I’m as much of a fan of bosoms as anyone. Not the rock-my-soul
Abrahamic kind, you understand, the other kind. But my titular fandom
is tested by what seems to be daily Facebook “friend” invitations
from amply-endowed young women (or bots) whose sole claim to my
friendship appears to be the said endowments. Nothing else: no
schools to show, no places, no jobs, no other information, just big
tits. Here’s one that popped up a couple of days ago:
Which isn’t to say this ladybot doesn’t have anything else to offer, titillating or not.
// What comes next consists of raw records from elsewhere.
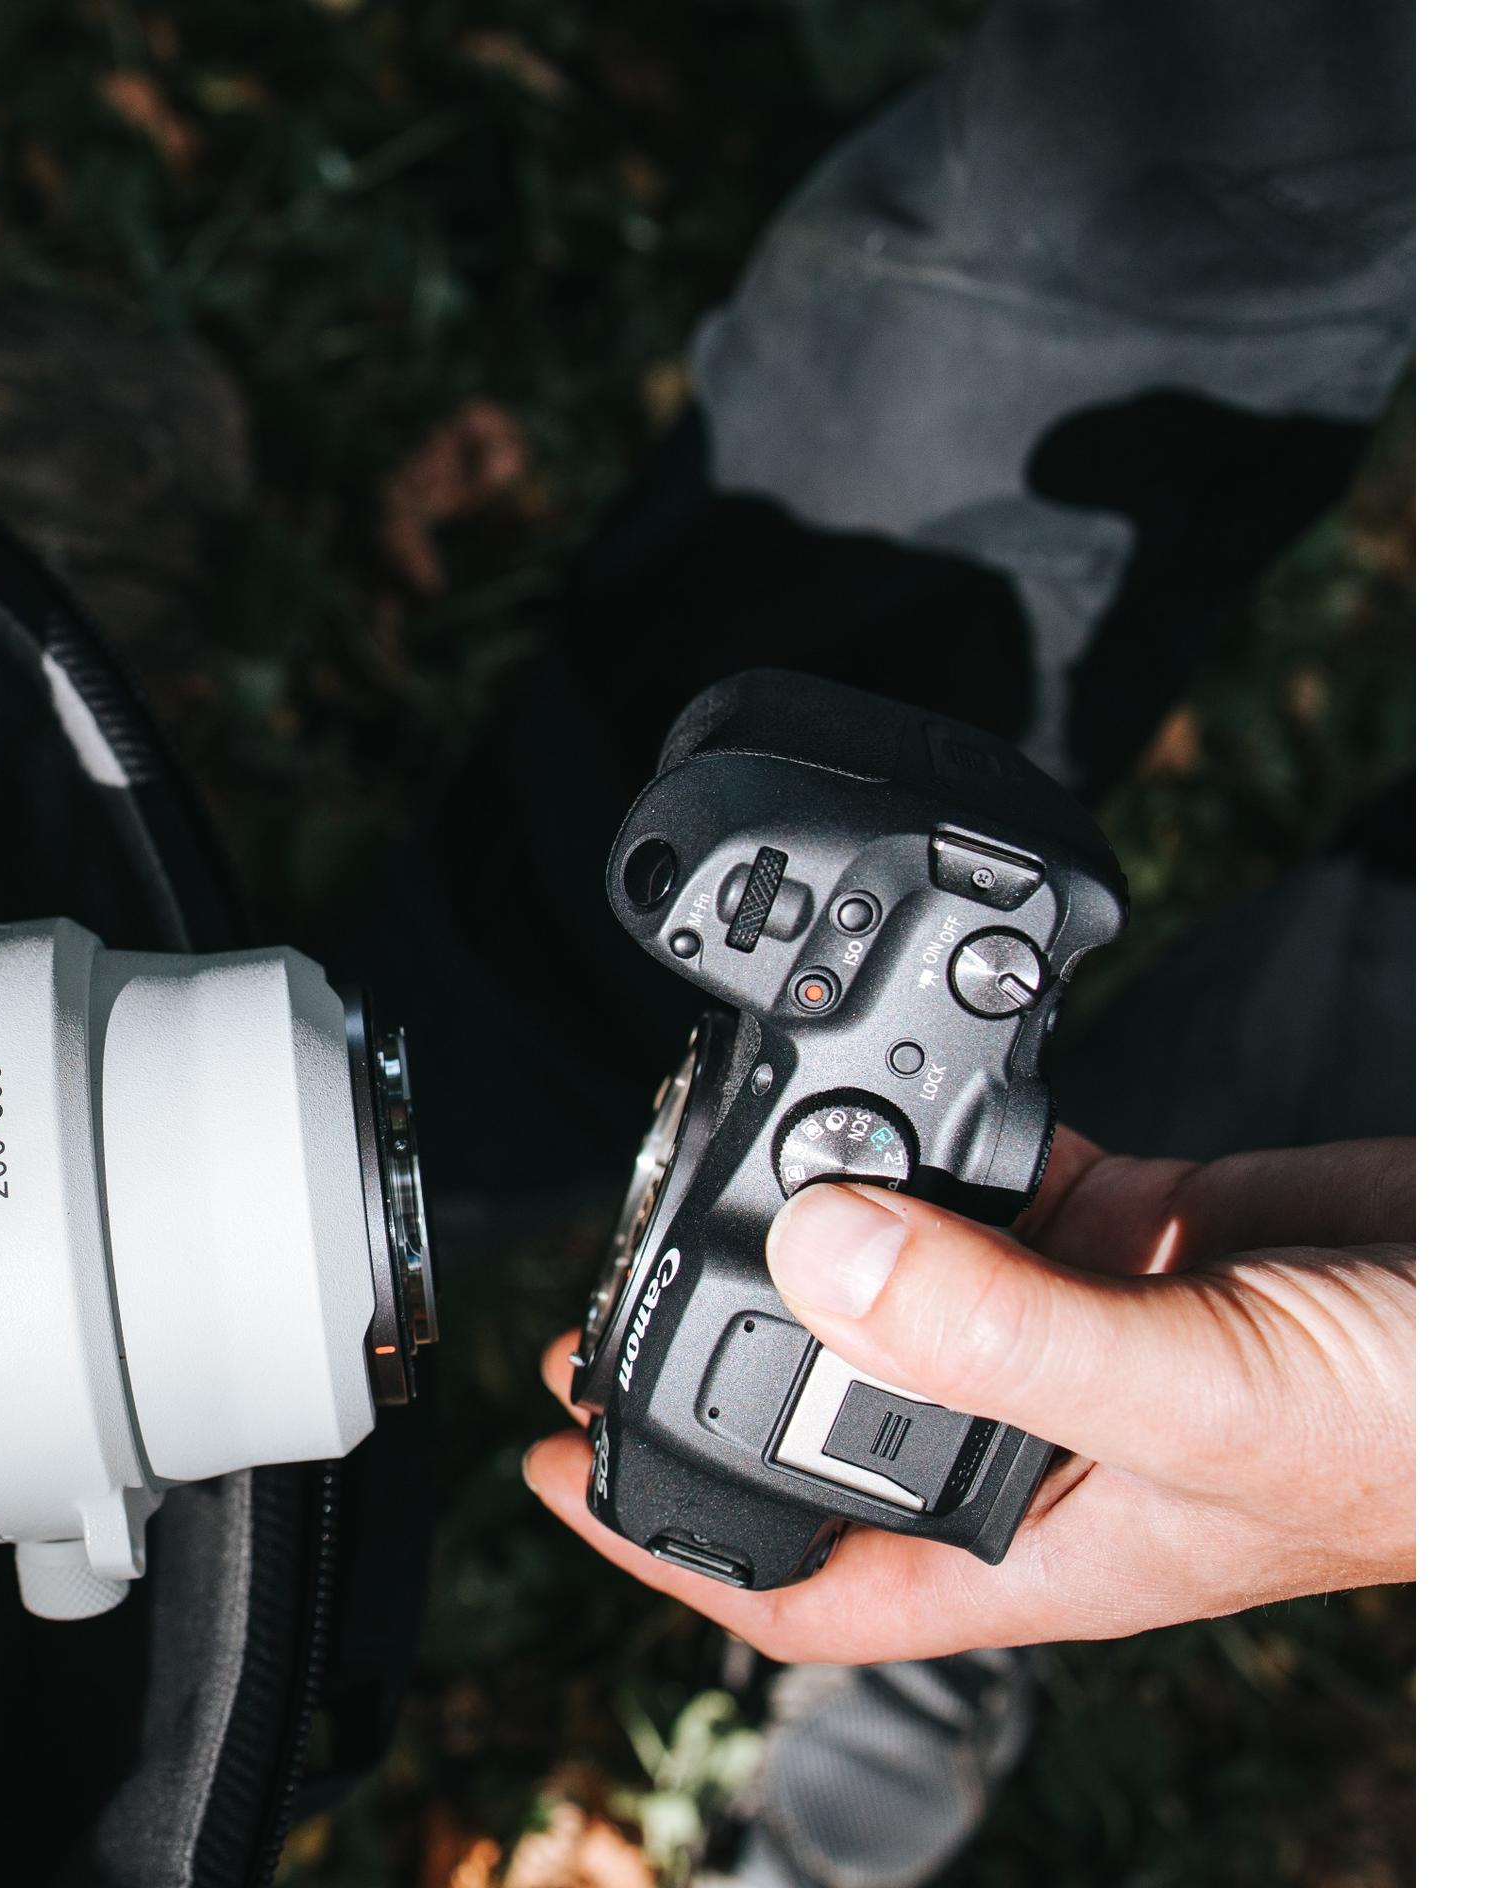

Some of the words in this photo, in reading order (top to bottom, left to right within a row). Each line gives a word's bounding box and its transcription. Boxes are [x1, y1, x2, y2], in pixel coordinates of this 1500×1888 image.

[687, 893, 711, 927] M-Fn
[940, 915, 963, 942] OFF
[843, 941, 863, 966] ISO
[923, 941, 943, 964] ON
[920, 1063, 947, 1100] LOCK
[848, 1112, 872, 1142] SCN
[619, 1248, 681, 1392] Canon
I’m reminded of an interview with the Bolivian-English actress Raquel Welch (née Tejada), she of One Million Years B.C. She said she was a skinny, scrawny kid who loved dancing and acting but couldn’t get any decent roles until her mid-teens when, as she put it, “the equipment arrived.” Everything changed, and next thing she was miniaturized, boobs and all, in Fantastic Voyage, leading to her three-spoken-lines-deerskin-bikini role in One Million Years. (I still have a crush on her, you understand, she was just a lovely, genuine person by all I’ve read and seen.) (For the record, I hate the word “boob.” Can’t understand how it got in here.)
Not to boast, but at 80, I think I’ve seen ‘em all: big, small, high, low, firm, soft, creamy white, copper brown, artificially added-to and subtracted-from, not forgetting none (post-mastectomy). And I can truly say, they’re all great in my memory. Breasts make me happy. I’ve never seen a pair that didn’t make my heart, among other organs, stir a little with pleasure.
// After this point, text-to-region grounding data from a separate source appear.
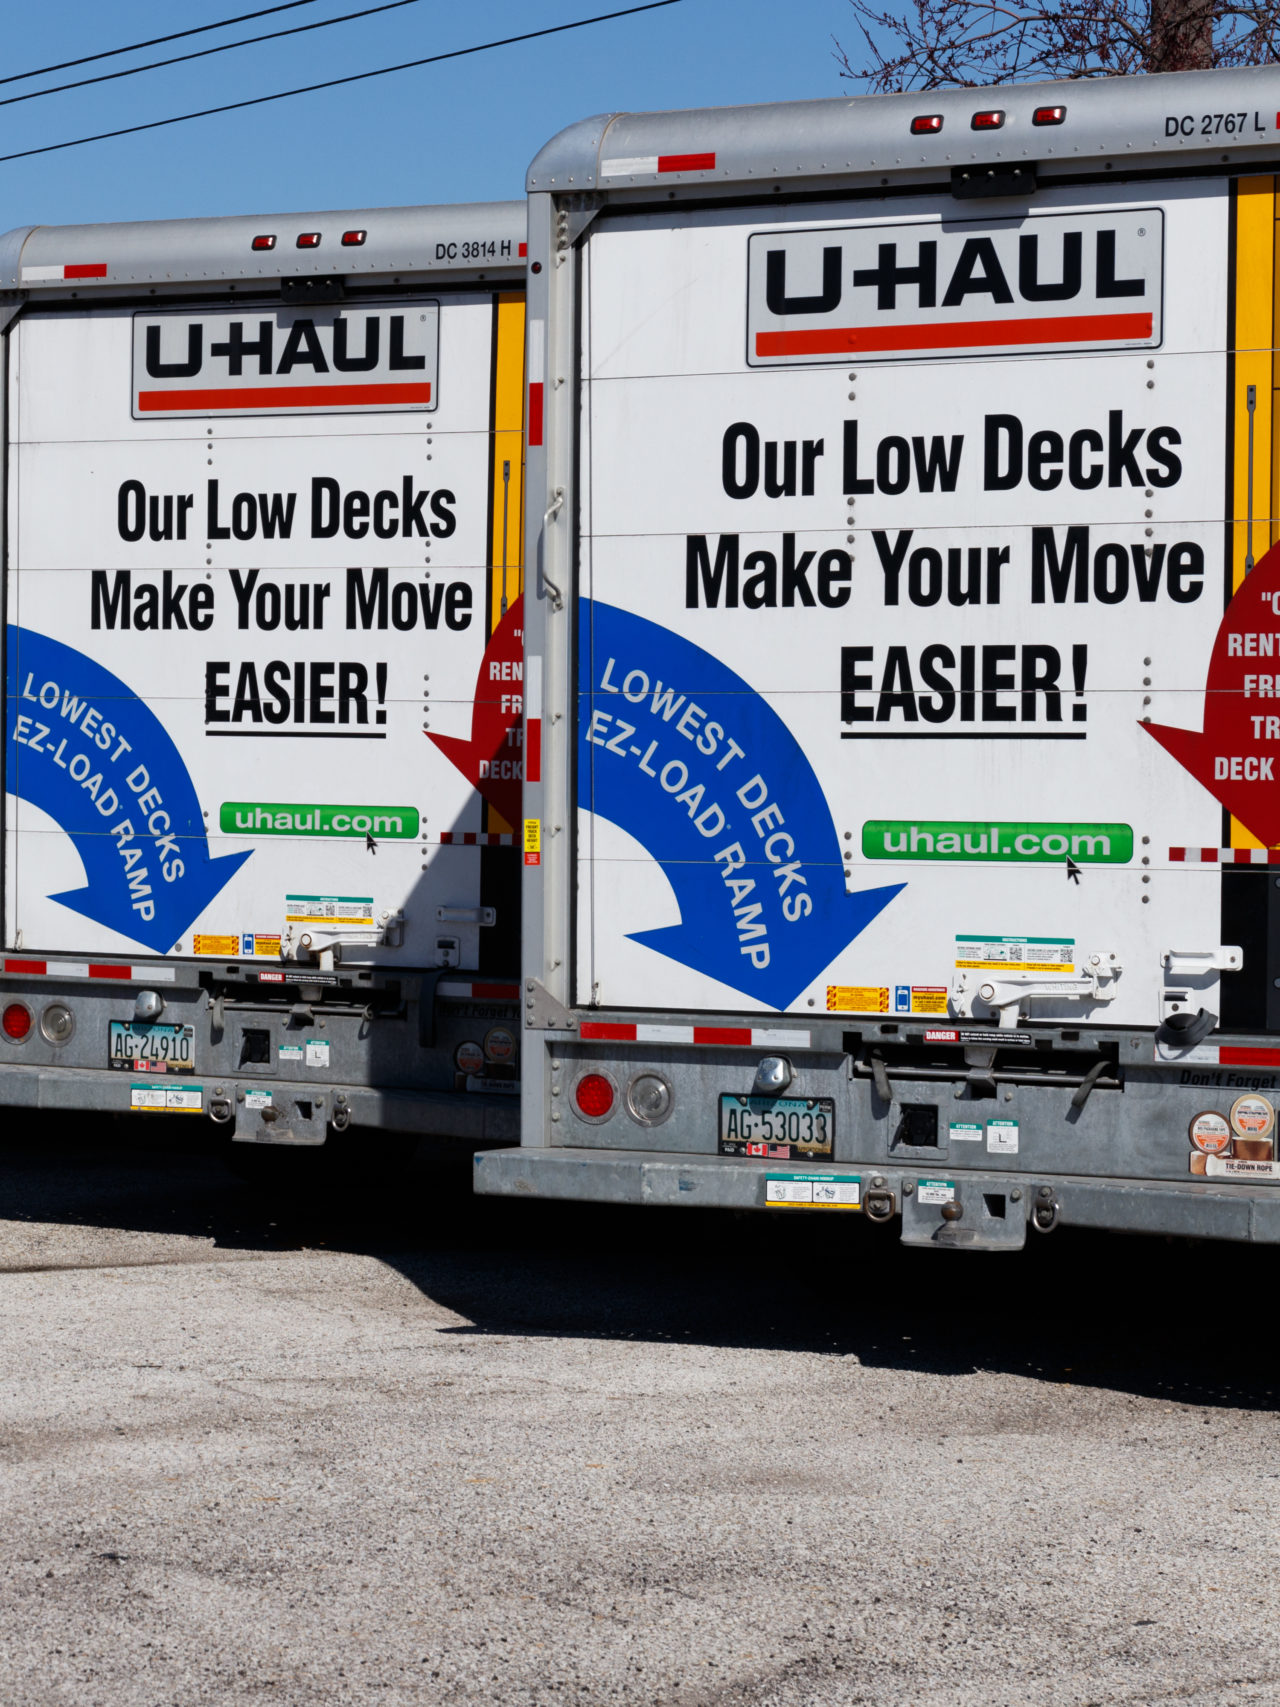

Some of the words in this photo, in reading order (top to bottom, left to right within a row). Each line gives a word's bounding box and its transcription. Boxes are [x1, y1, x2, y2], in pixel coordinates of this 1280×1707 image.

[1165, 116, 1194, 137] DC
[1201, 113, 1247, 134] 2767
[1254, 112, 1265, 131] L
[436, 243, 457, 260] DC
[462, 241, 496, 258] 3814
[501, 240, 511, 256] H
[766, 229, 1146, 316] U-HAUL
[145, 315, 426, 379] U-HAUL
[721, 421, 824, 500] Our
[842, 418, 965, 496] Low
[983, 409, 1182, 492] Decks
[117, 479, 194, 542] Our
[207, 479, 297, 540] Low
[310, 474, 457, 540] Decks
[90, 569, 215, 631] Make
[228, 568, 331, 631] Your
[345, 566, 474, 632] Move
[684, 532, 852, 610] Make
[871, 529, 1011, 608] Your
[1031, 524, 1206, 605] Move
[205, 660, 388, 725] EASIER!
[840, 643, 1088, 724] EASIER!
[22, 672, 132, 762] LOWEST
[125, 763, 185, 883] DECKS
[479, 760, 523, 779] DECK
[600, 657, 745, 772] LOWEST
[736, 773, 813, 923] DECKS
[1215, 756, 1275, 781] DECK
[12, 714, 118, 818] EZ-LOAD
[110, 818, 155, 922] RAMP
[235, 807, 403, 833] uhaul.com
[586, 709, 725, 838] EZ-LOAD
[713, 842, 771, 969] RAMP
[882, 826, 1111, 857] uhaul.com
[925, 1031, 956, 1041] DANGER
[1181, 1070, 1222, 1087] Don't
[1226, 1073, 1276, 1091] Forget
Which brings me, in a roundabout way, to nipples, and specifically, Why do men have nipples? The obvious response is, “Why not?” They’re harmless, somewhat erogenous, interesting even. The late evolutionist Stephen Jay Gould wrote a long essay on this, in which he also discussed the anatomical equivalence of the penis and clitoris* under the title “Tits and Clits.” (Which his editor at Nature nixed.) As Gould explained, we men have nipples because they develop in the womb before embryos have identified as male or female, so by the time any anatomical differences kick in, nipples have already developed. Another way of looking at it is that we all started out female, so male nipples are left over from that time. (To be clear, sex is actually determined at fertilization by the 23rd pair of chromosomes, either XX = female or XY = male, but it takes about 16 weeks for any differences to be visible by ultrasound.)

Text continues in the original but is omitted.